» **TASK STATEMENT**
Copy all entries without alteration and skip the pictures they hold.
#### DATASET RECORDS ####
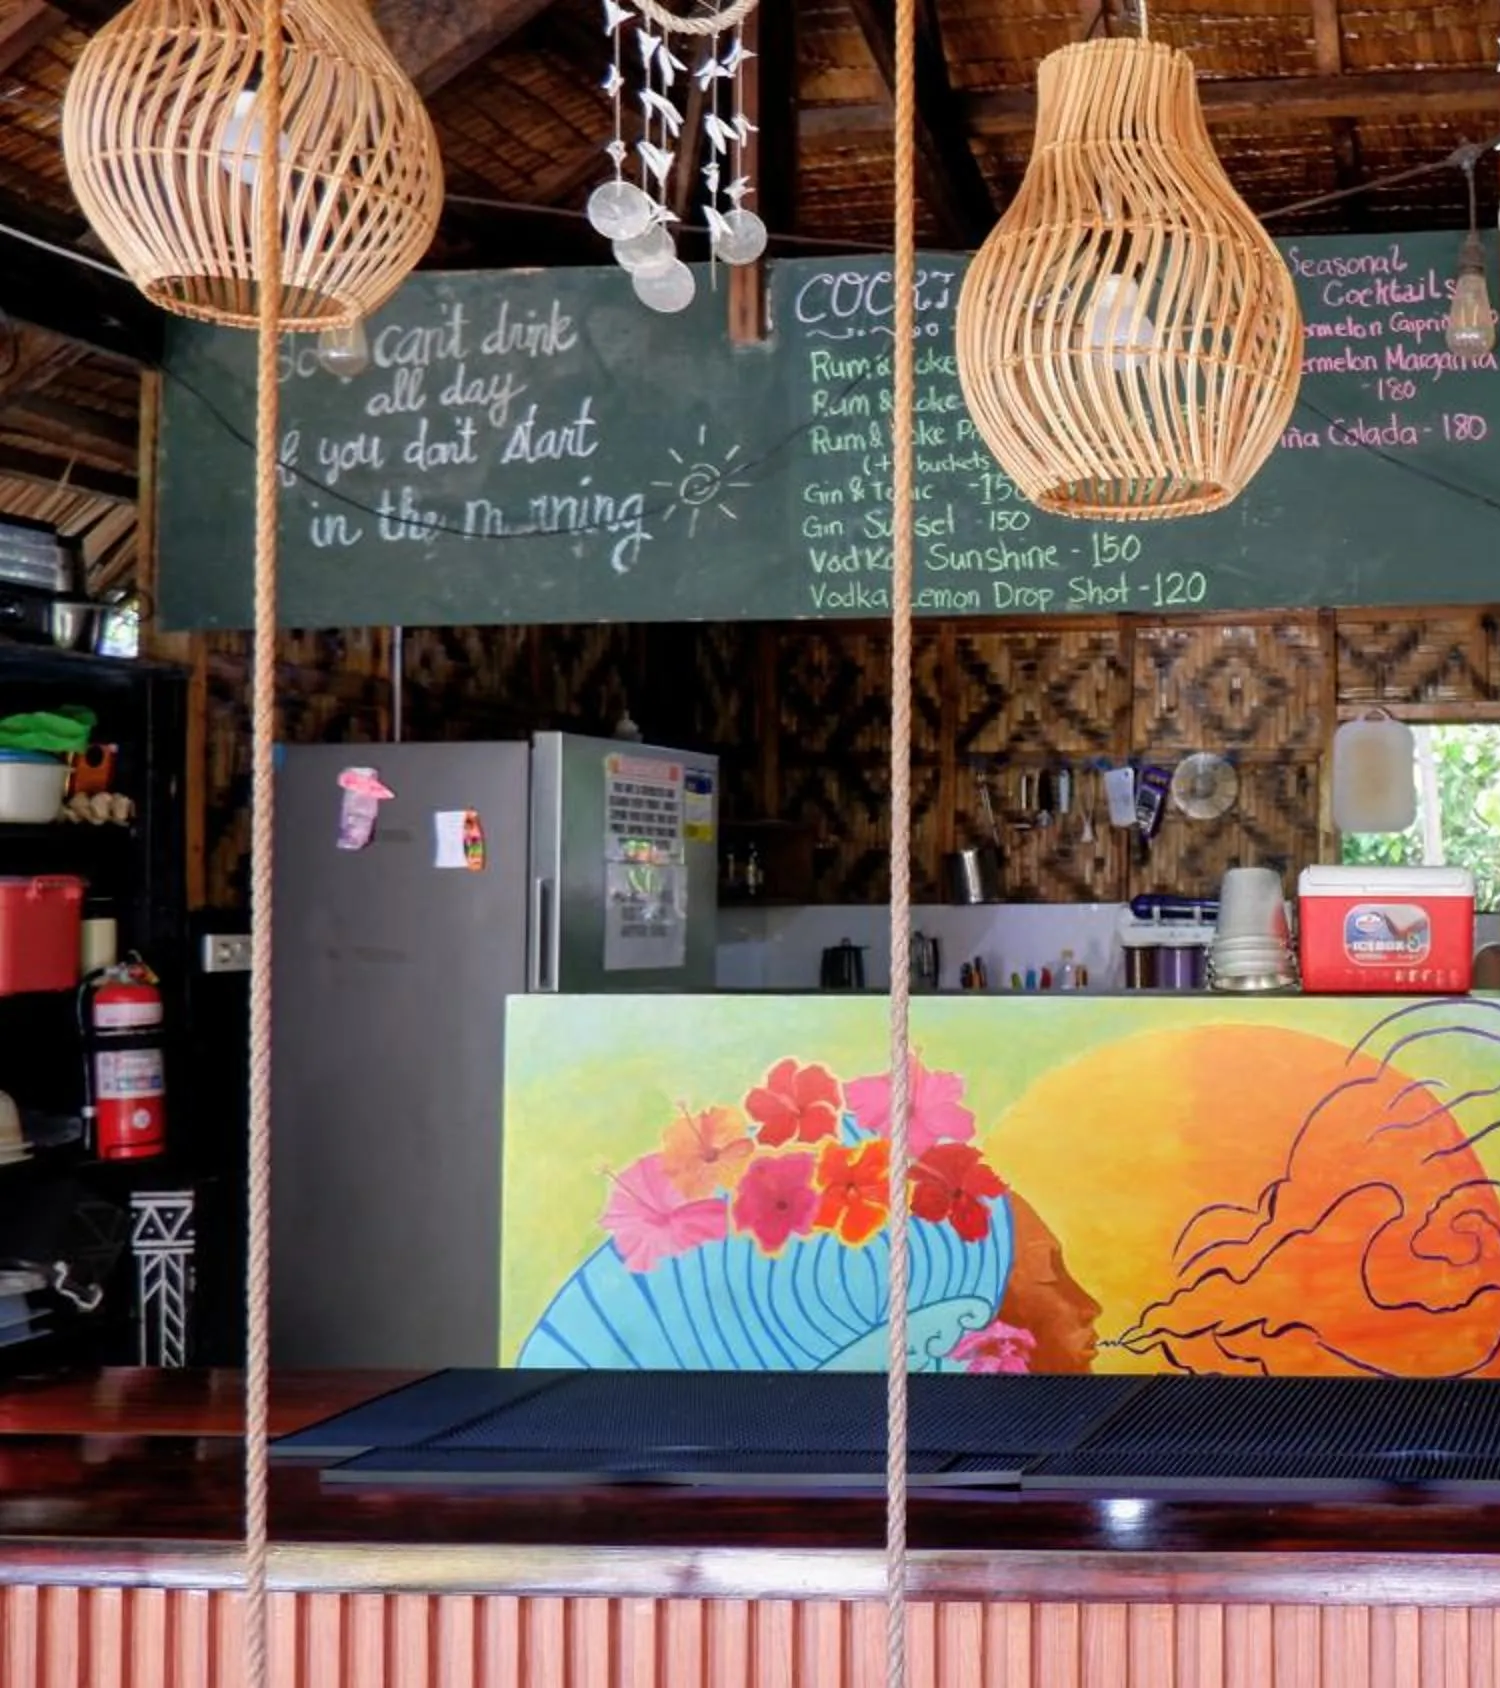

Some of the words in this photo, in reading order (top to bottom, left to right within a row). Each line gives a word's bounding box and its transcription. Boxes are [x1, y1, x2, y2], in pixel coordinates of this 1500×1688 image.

[1289, 245, 1408, 278] Seasonal
[1323, 270, 1458, 307] Cocktails
[481, 299, 580, 358] drink
[810, 350, 871, 383] Rum
[914, 350, 957, 377] oke
[365, 366, 427, 417] all
[439, 362, 528, 428] day
[811, 389, 870, 418] Rum
[911, 386, 958, 414] oke
[1377, 377, 1417, 401] 180
[318, 430, 386, 486] you
[500, 397, 600, 465] start
[810, 424, 867, 455] Rum
[1281, 426, 1321, 449] iña
[1327, 413, 1418, 447] Colada
[1442, 412, 1488, 441] 180
[916, 450, 991, 473] buckets
[803, 482, 844, 506] Gin
[310, 501, 363, 547] in
[802, 515, 844, 538] Gin
[989, 511, 1031, 532] 150
[924, 539, 1060, 573] Sunshine
[1091, 531, 1142, 568] 150
[911, 588, 981, 609] emon
[992, 581, 1055, 613] Drop
[1068, 571, 1132, 604] Shot
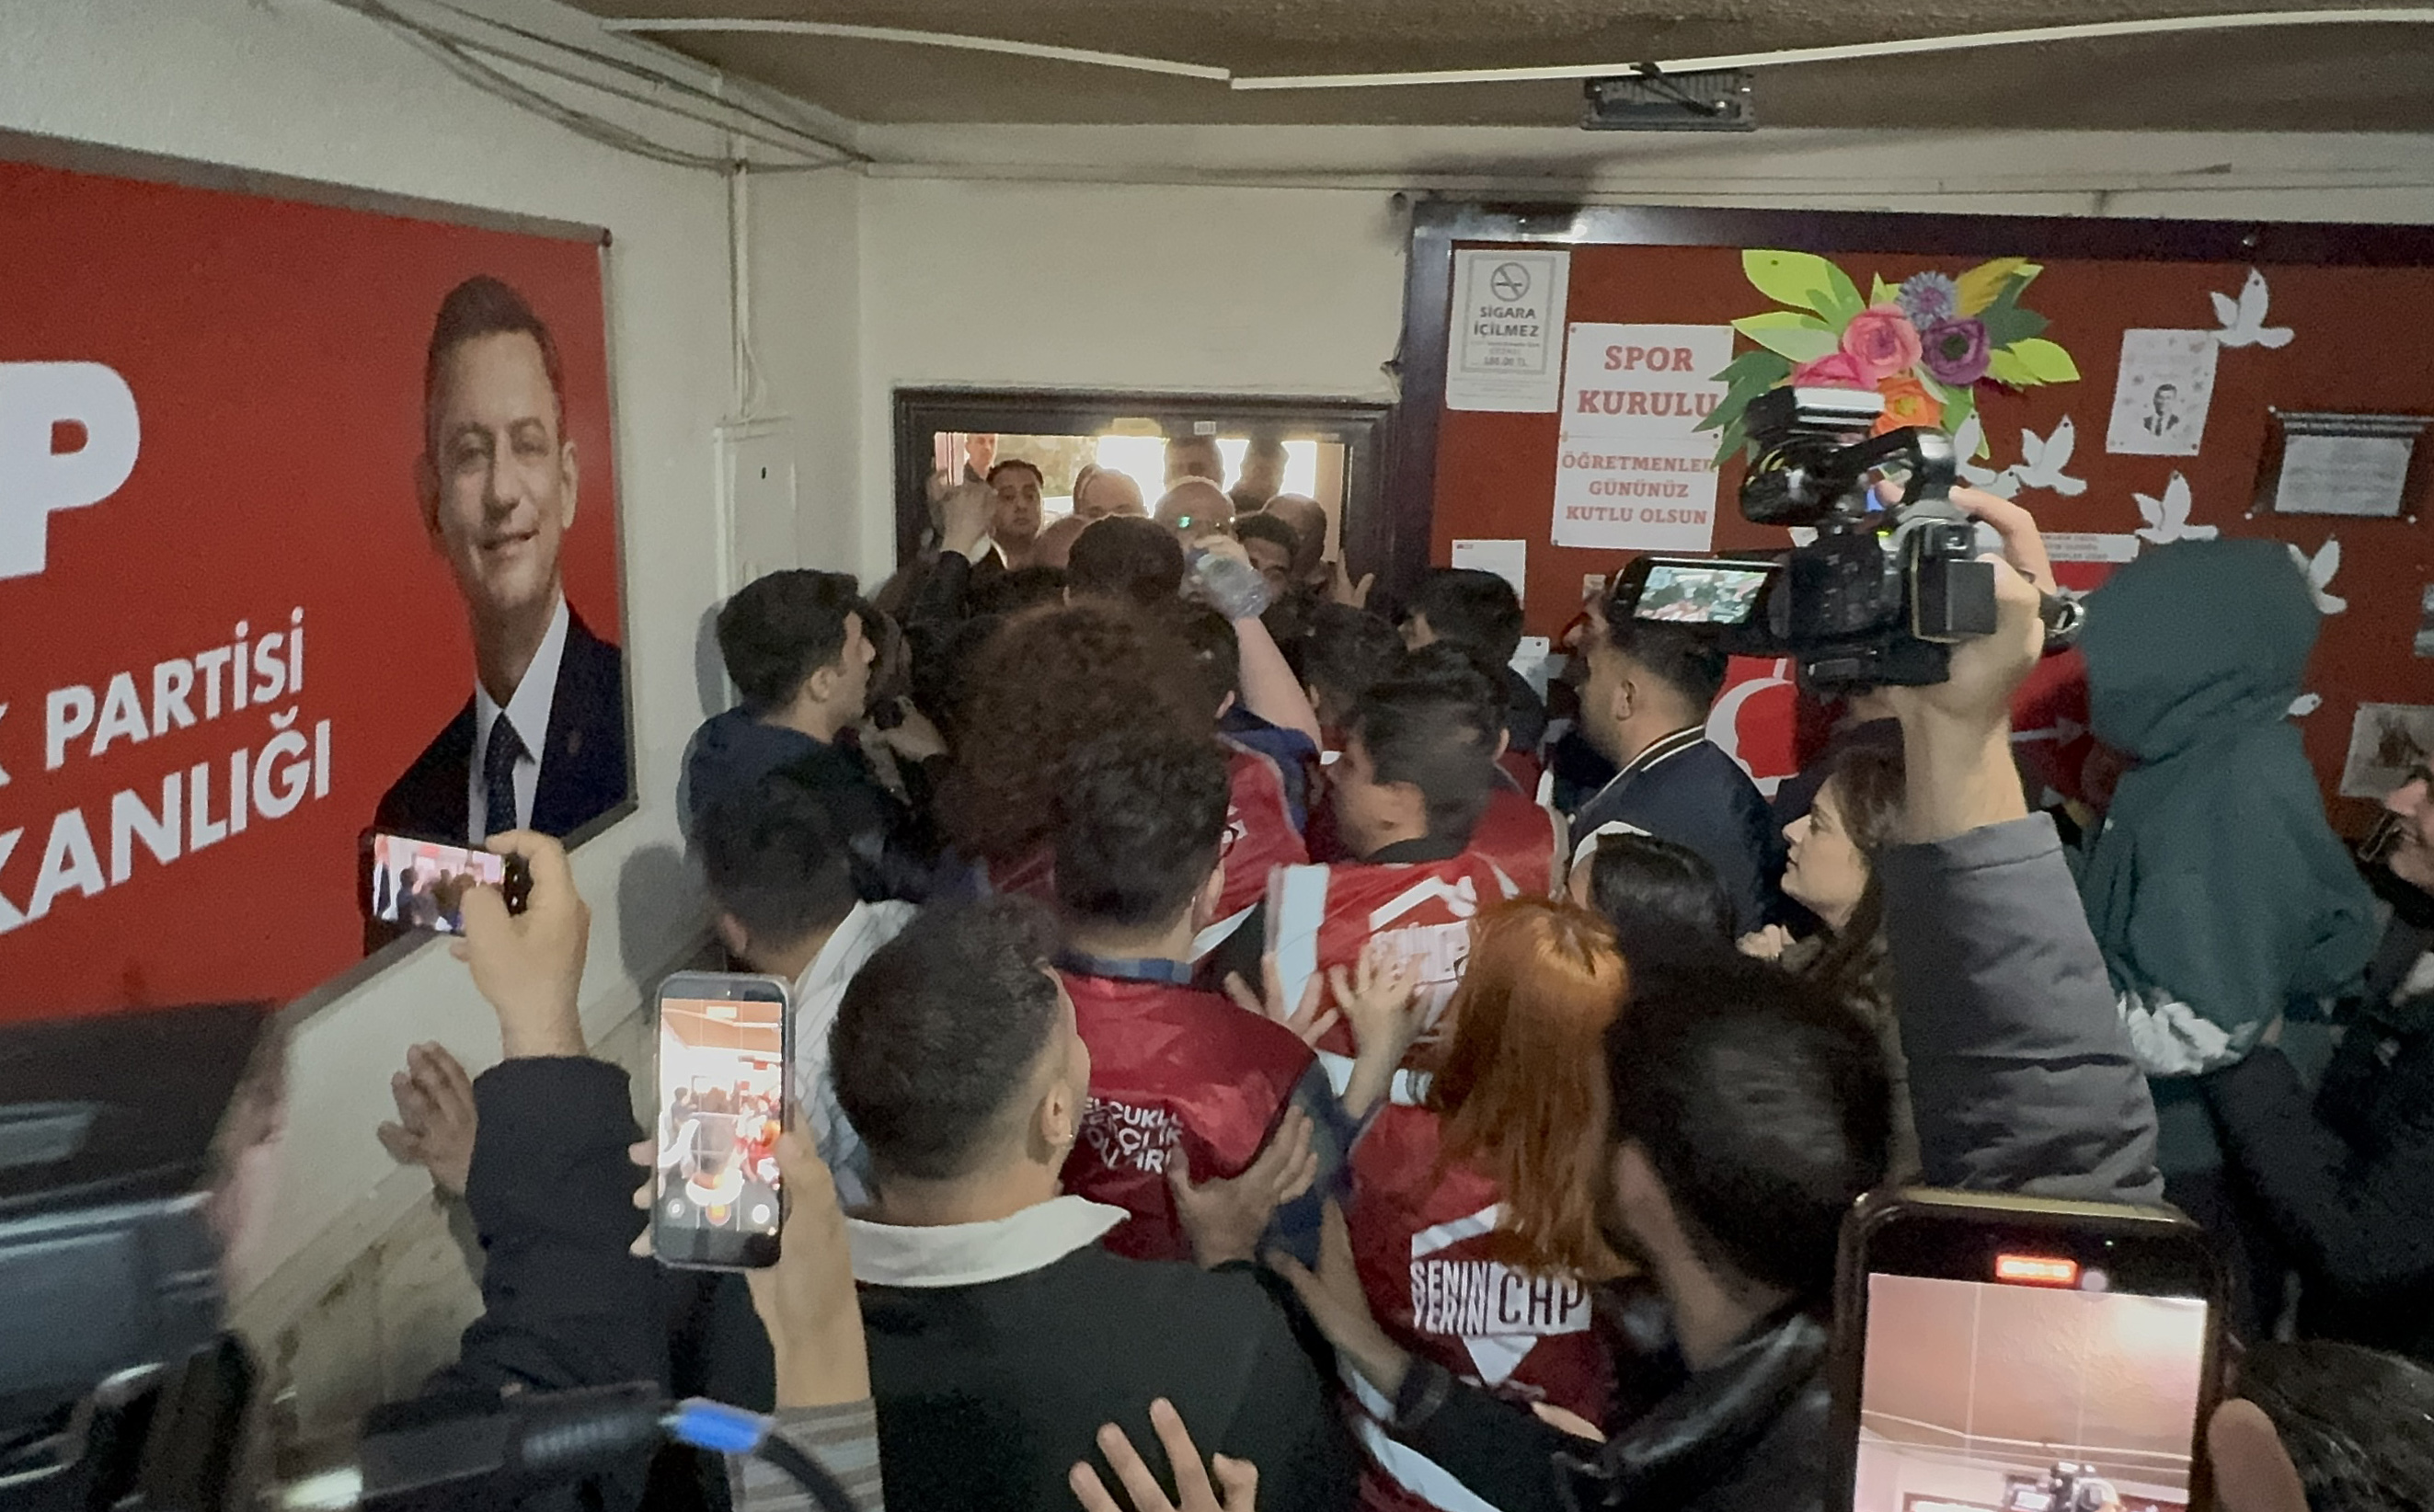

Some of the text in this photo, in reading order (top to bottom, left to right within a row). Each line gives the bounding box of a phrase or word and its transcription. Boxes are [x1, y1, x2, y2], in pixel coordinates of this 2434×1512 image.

[1479, 304, 1536, 319] SİGARA
[1474, 321, 1539, 338] İÇİLMEZ
[1604, 345, 1694, 372] SPOR
[1577, 390, 1719, 418] KURULU
[1589, 479, 1690, 498] GÜNÜNÜZ
[1567, 507, 1707, 524] KUTLU OLSUN
[46, 606, 304, 771] PARTİSİ
[1498, 1273, 1586, 1325] CHP
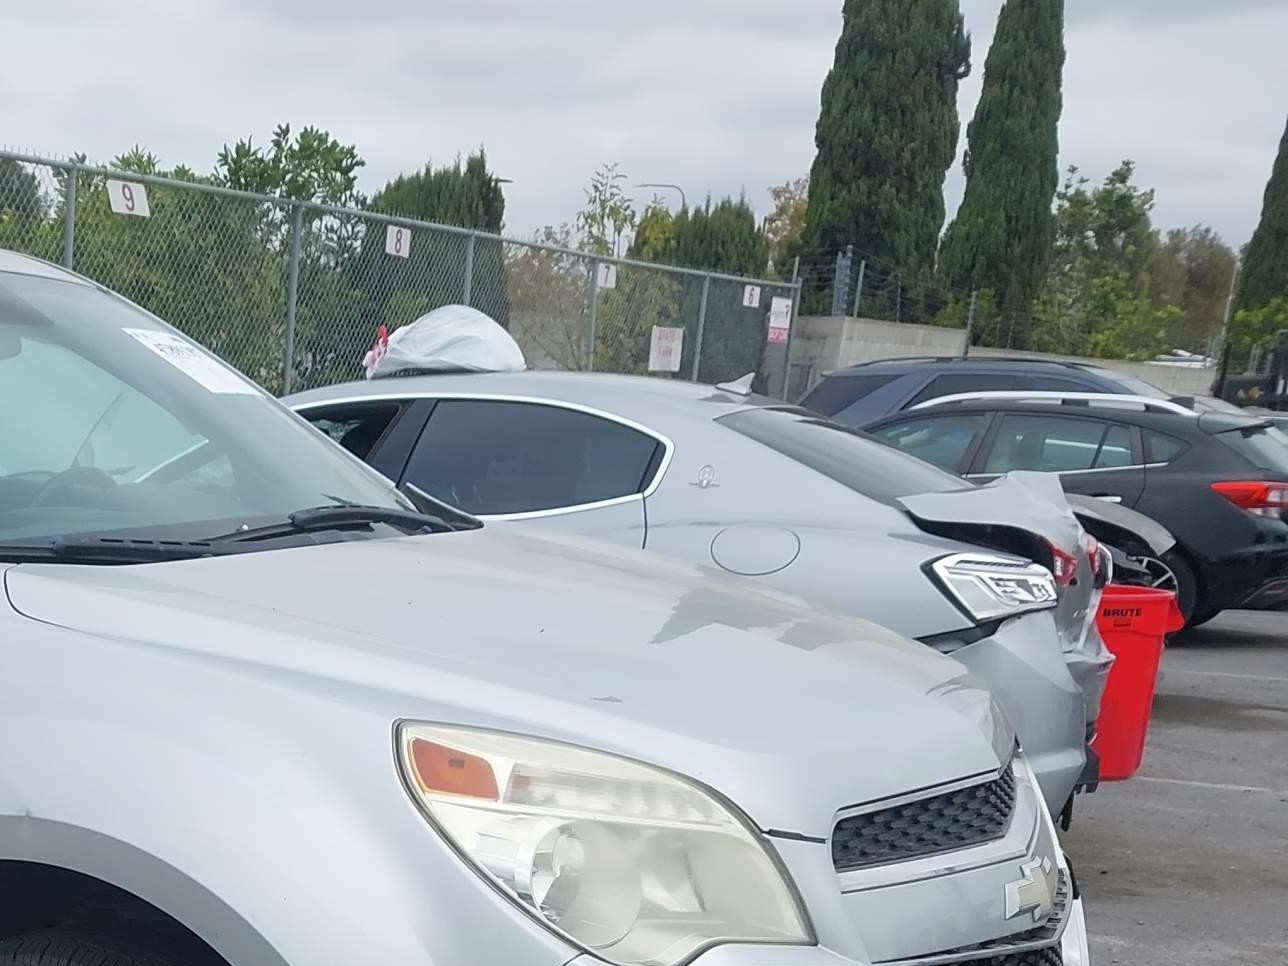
####
» **REPLY**
Some of the words in this photo, in reading order (top to bottom, left to right within a row). Each line gives a word's bounding box and its transcription. Boxes are [x1, y1, x2, y2], in pixel coordinates of this 1500×1688 image.

[1289, 245, 1408, 278] Seasonal
[1323, 270, 1458, 307] Cocktails
[481, 299, 580, 358] drink
[810, 350, 871, 383] Rum
[914, 350, 957, 377] oke
[365, 366, 427, 417] all
[439, 362, 528, 428] day
[811, 389, 870, 418] Rum
[911, 386, 958, 414] oke
[1377, 377, 1417, 401] 180
[318, 430, 386, 486] you
[500, 397, 600, 465] start
[810, 424, 867, 455] Rum
[1281, 426, 1321, 449] iña
[1327, 413, 1418, 447] Colada
[1442, 412, 1488, 441] 180
[916, 450, 991, 473] buckets
[803, 482, 844, 506] Gin
[310, 501, 363, 547] in
[802, 515, 844, 538] Gin
[989, 511, 1031, 532] 150
[924, 539, 1060, 573] Sunshine
[1091, 531, 1142, 568] 150
[911, 588, 981, 609] emon
[992, 581, 1055, 613] Drop
[1068, 571, 1132, 604] Shot

Some of the text in this photo, in reading order (top to bottom, left to right within a row). Each line gives the bounding box of a phrase or word and its transcription. Boxes are [x1, y1, x2, y2], in pixel coordinates of this 2434×1512 image.

[1479, 304, 1536, 319] SİGARA
[1474, 321, 1539, 338] İÇİLMEZ
[1604, 345, 1694, 372] SPOR
[1577, 390, 1719, 418] KURULU
[1589, 479, 1690, 498] GÜNÜNÜZ
[1567, 507, 1707, 524] KUTLU OLSUN
[46, 606, 304, 771] PARTİSİ
[1498, 1273, 1586, 1325] CHP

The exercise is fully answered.